_Source records_.
========
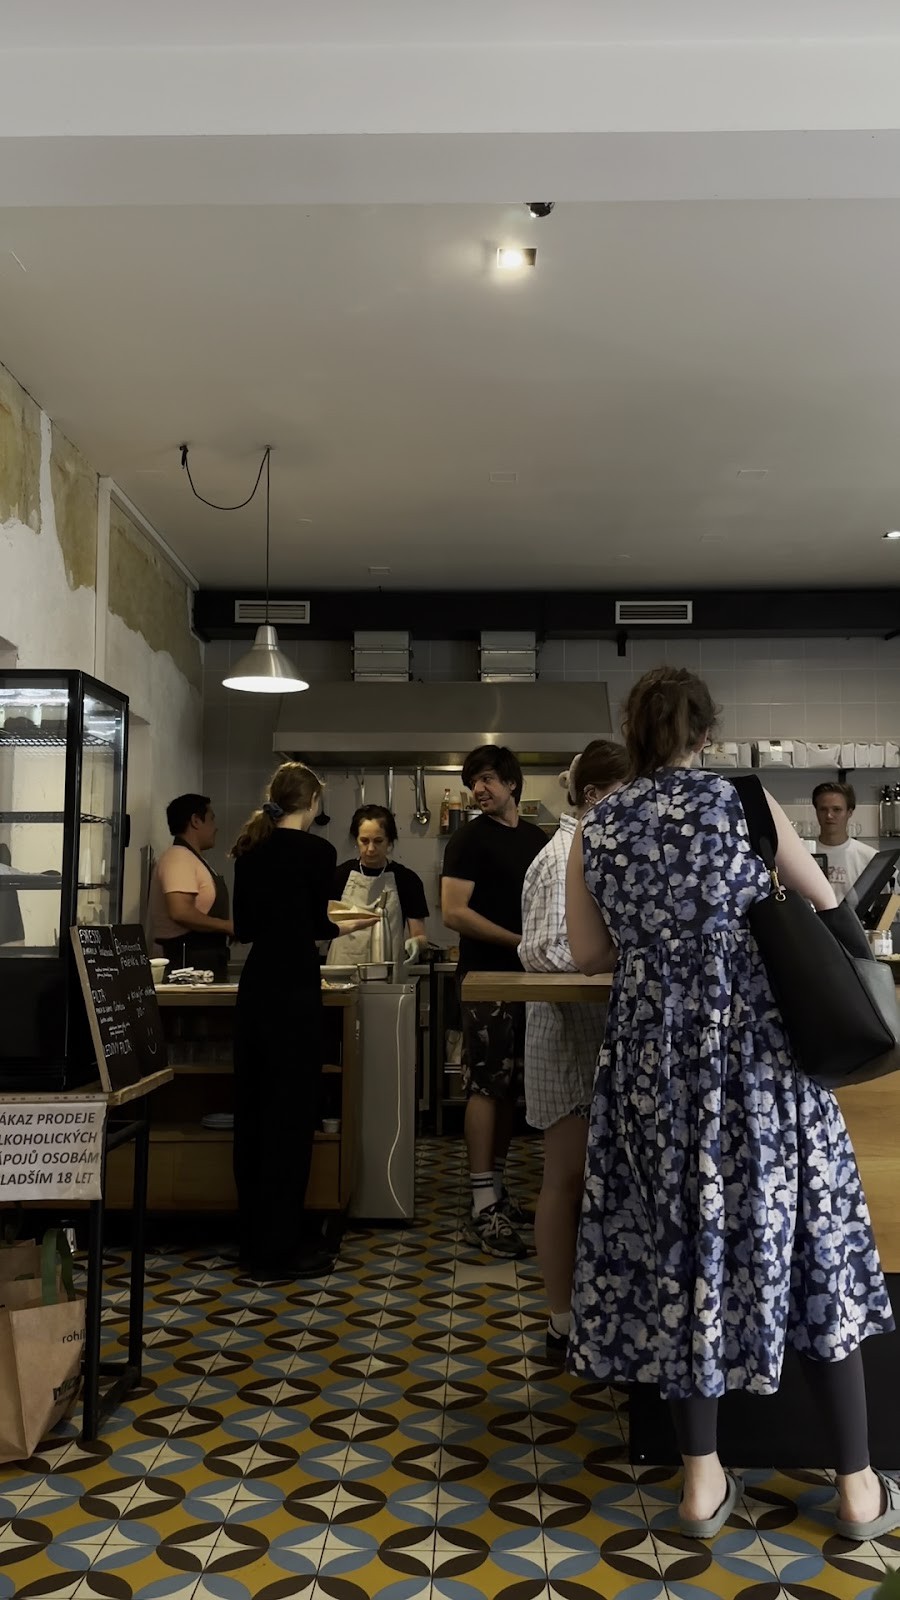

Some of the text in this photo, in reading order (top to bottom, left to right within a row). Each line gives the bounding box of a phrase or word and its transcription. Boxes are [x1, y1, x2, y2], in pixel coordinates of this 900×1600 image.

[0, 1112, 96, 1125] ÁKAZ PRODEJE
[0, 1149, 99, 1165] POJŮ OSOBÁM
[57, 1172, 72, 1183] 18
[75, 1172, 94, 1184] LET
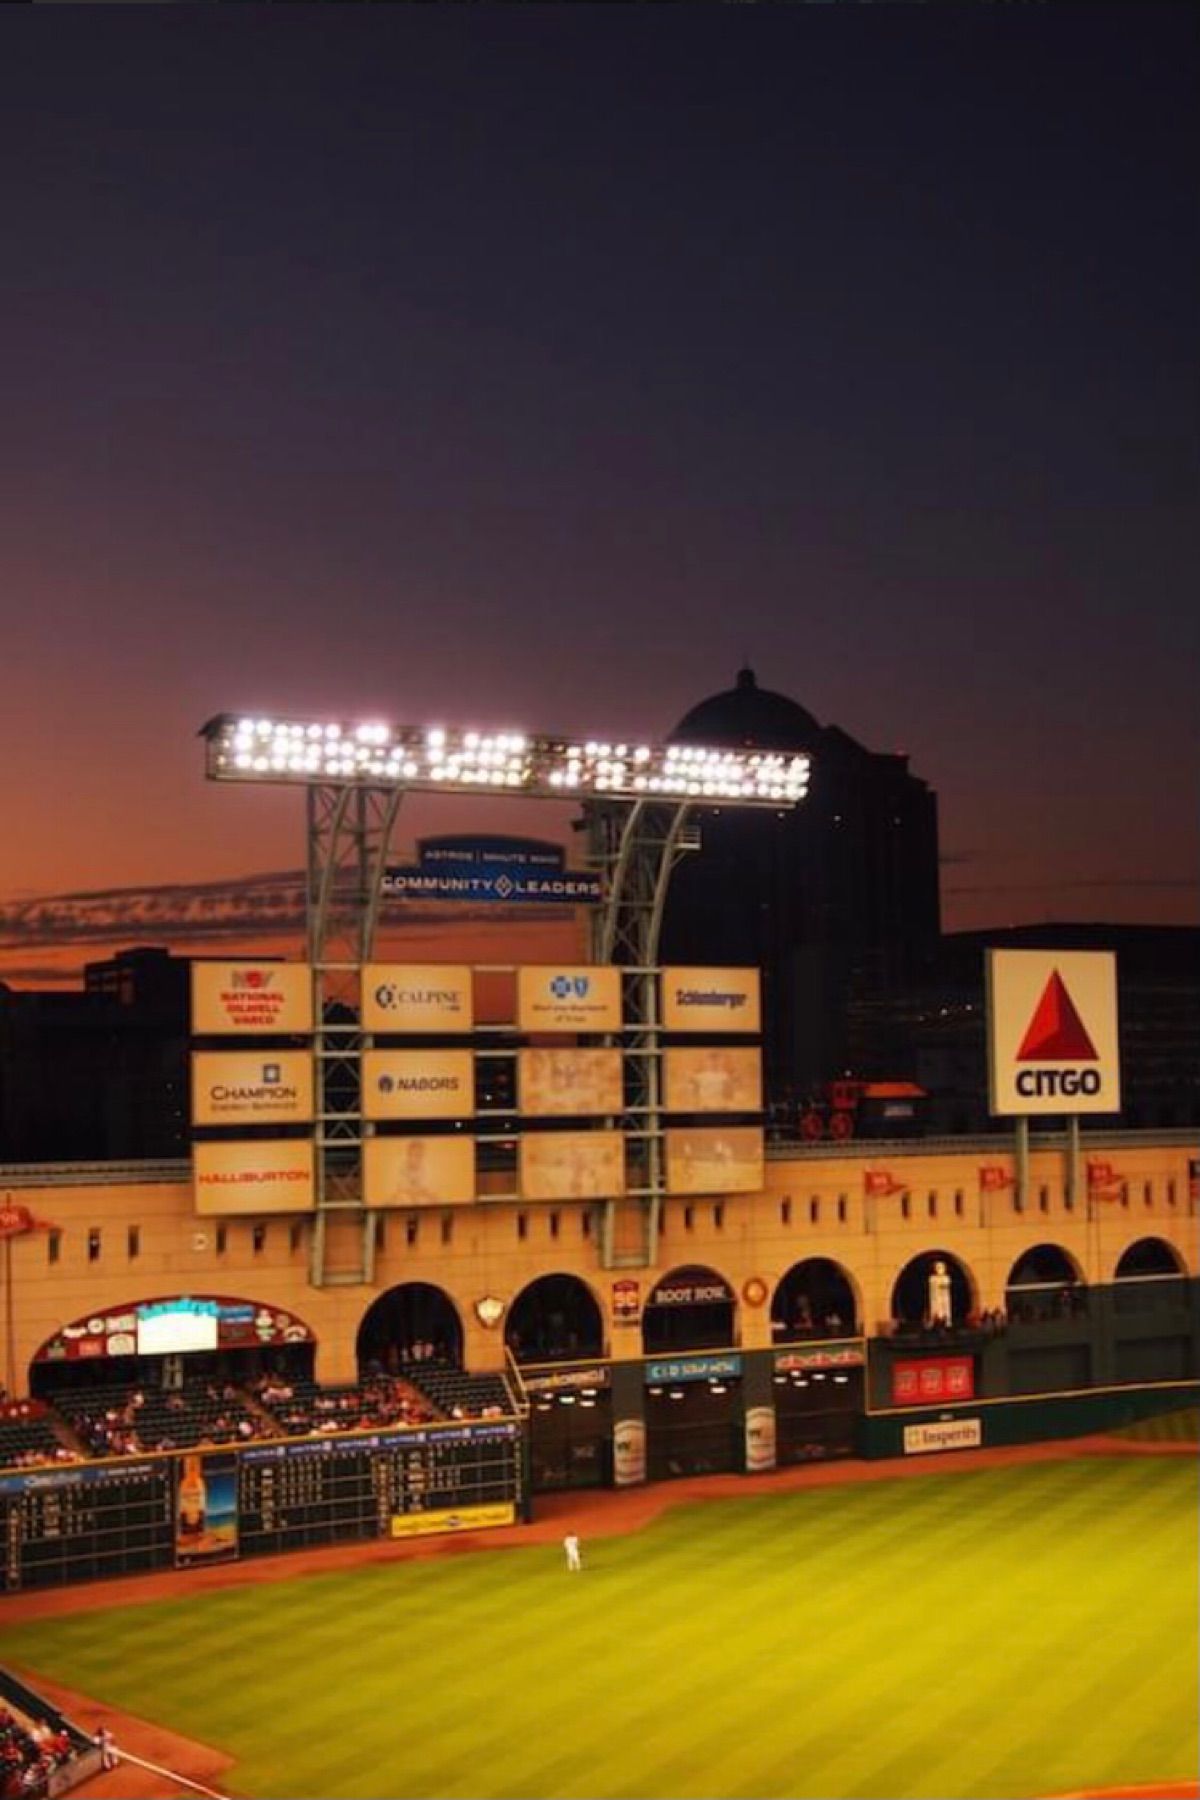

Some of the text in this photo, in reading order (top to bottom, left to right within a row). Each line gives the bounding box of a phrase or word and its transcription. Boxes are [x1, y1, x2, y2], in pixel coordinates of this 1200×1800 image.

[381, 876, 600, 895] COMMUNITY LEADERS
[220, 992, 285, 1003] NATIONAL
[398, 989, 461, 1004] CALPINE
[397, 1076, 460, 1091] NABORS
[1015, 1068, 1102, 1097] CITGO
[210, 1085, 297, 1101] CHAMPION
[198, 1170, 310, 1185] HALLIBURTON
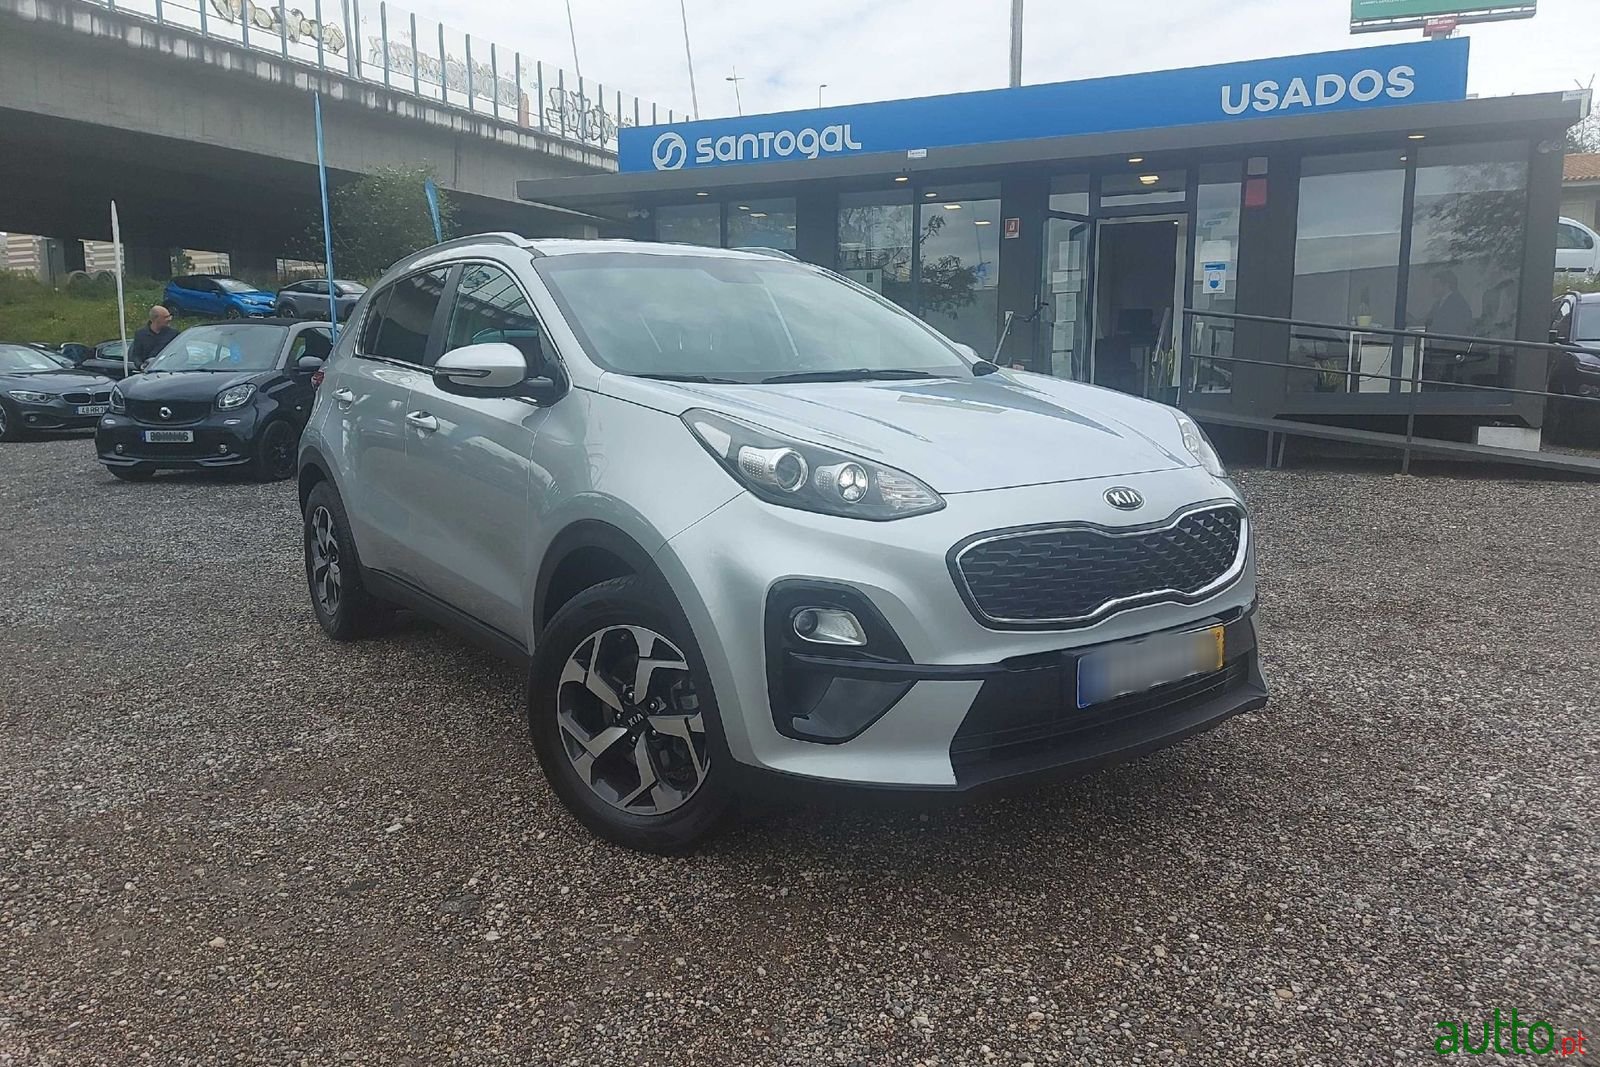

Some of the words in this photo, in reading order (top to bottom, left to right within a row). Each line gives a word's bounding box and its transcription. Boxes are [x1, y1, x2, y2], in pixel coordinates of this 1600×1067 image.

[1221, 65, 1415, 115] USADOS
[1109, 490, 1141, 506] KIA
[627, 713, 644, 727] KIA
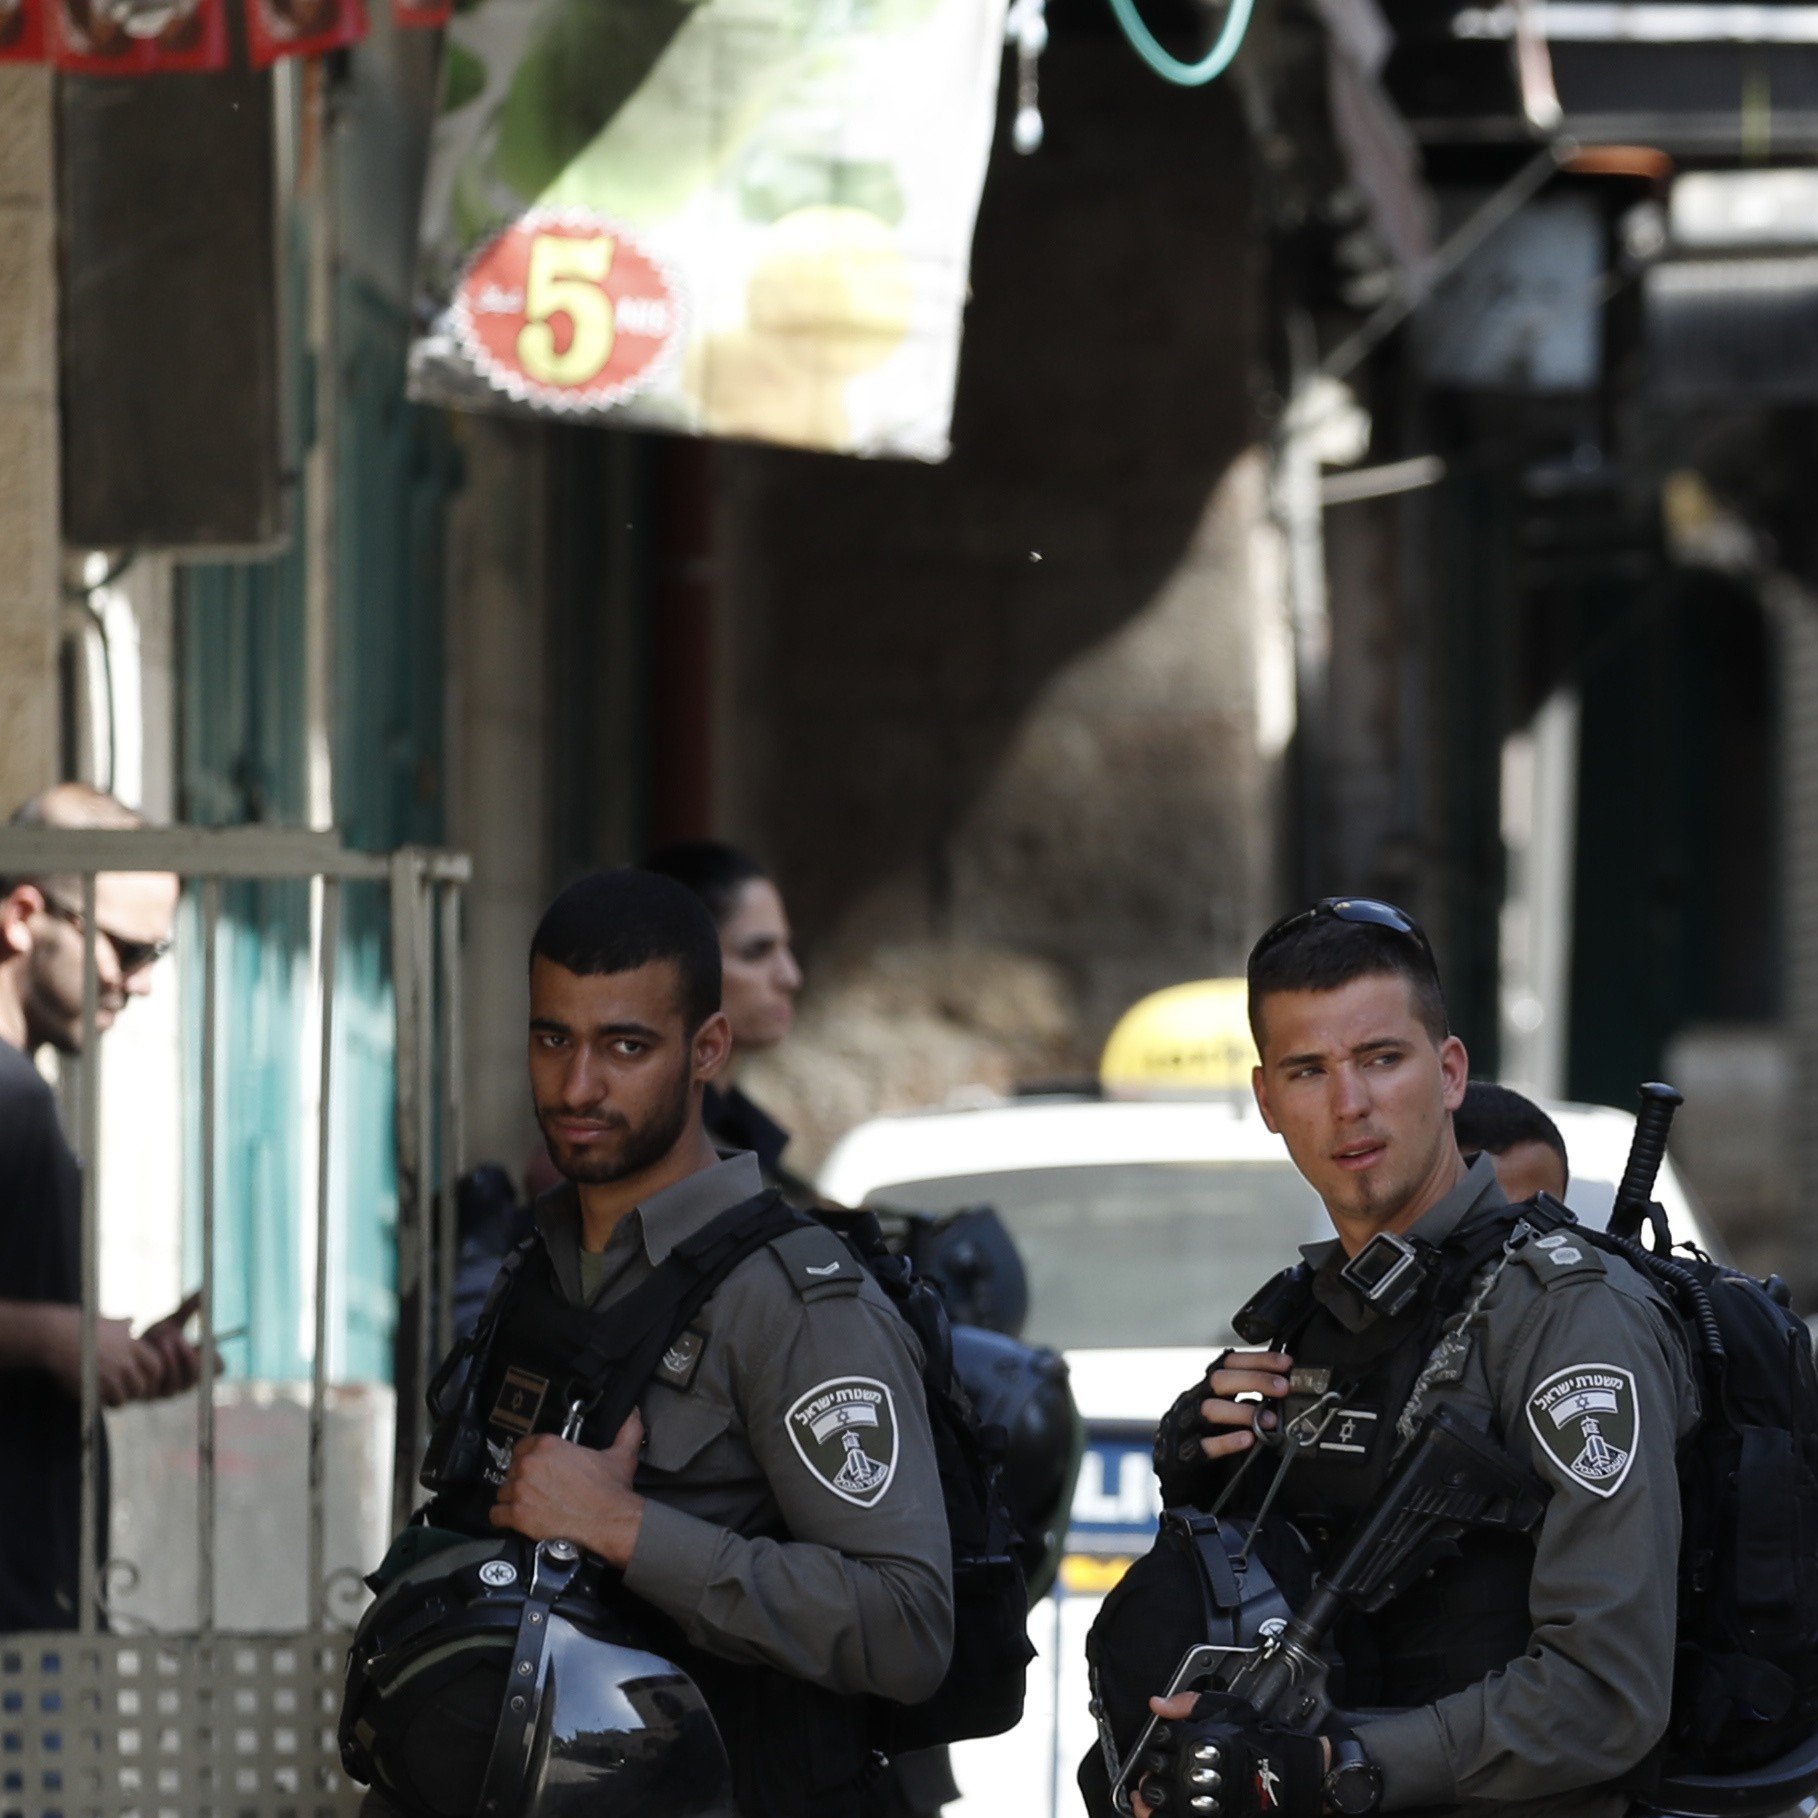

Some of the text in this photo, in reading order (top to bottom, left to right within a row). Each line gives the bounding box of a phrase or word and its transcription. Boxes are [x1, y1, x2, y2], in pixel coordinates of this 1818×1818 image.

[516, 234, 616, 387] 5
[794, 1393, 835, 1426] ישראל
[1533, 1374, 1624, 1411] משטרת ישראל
========
_Work required_. Word for word, restate all of the records. Exclude the pictures.

_Answer box_.
Some of the text in this photo, in reading order (top to bottom, left to right within a row). Each line gives the bounding box of a phrase or word and its transcription. Boxes are [x1, y1, x2, y2], in pixel coordinates of this 900×1600 image.

[0, 1112, 96, 1125] ÁKAZ PRODEJE
[0, 1149, 99, 1165] POJŮ OSOBÁM
[57, 1172, 72, 1183] 18
[75, 1172, 94, 1184] LET

Some of the text in this photo, in reading order (top to bottom, left to right within a row). Each line gives the bounding box of a phrase or word and its transcription. Boxes are [x1, y1, x2, y2], in pixel coordinates of this 1200×1800 image.

[381, 876, 600, 895] COMMUNITY LEADERS
[220, 992, 285, 1003] NATIONAL
[398, 989, 461, 1004] CALPINE
[397, 1076, 460, 1091] NABORS
[1015, 1068, 1102, 1097] CITGO
[210, 1085, 297, 1101] CHAMPION
[198, 1170, 310, 1185] HALLIBURTON

Some of the words in this photo, in reading order (top to bottom, left to right within a row). Each line gives a word's bounding box and its transcription. Boxes are [x1, y1, x2, y2], in pixel coordinates of this 1600×1067 image.

[1221, 65, 1415, 115] USADOS
[1109, 490, 1141, 506] KIA
[627, 713, 644, 727] KIA

Some of the text in this photo, in reading order (top to bottom, left to right within a row). Each line gives the bounding box of a phrase or word and its transcription. Boxes are [x1, y1, x2, y2], in pixel coordinates of this 1818×1818 image.

[516, 234, 616, 387] 5
[794, 1393, 835, 1426] ישראל
[1533, 1374, 1624, 1411] משטרת ישראל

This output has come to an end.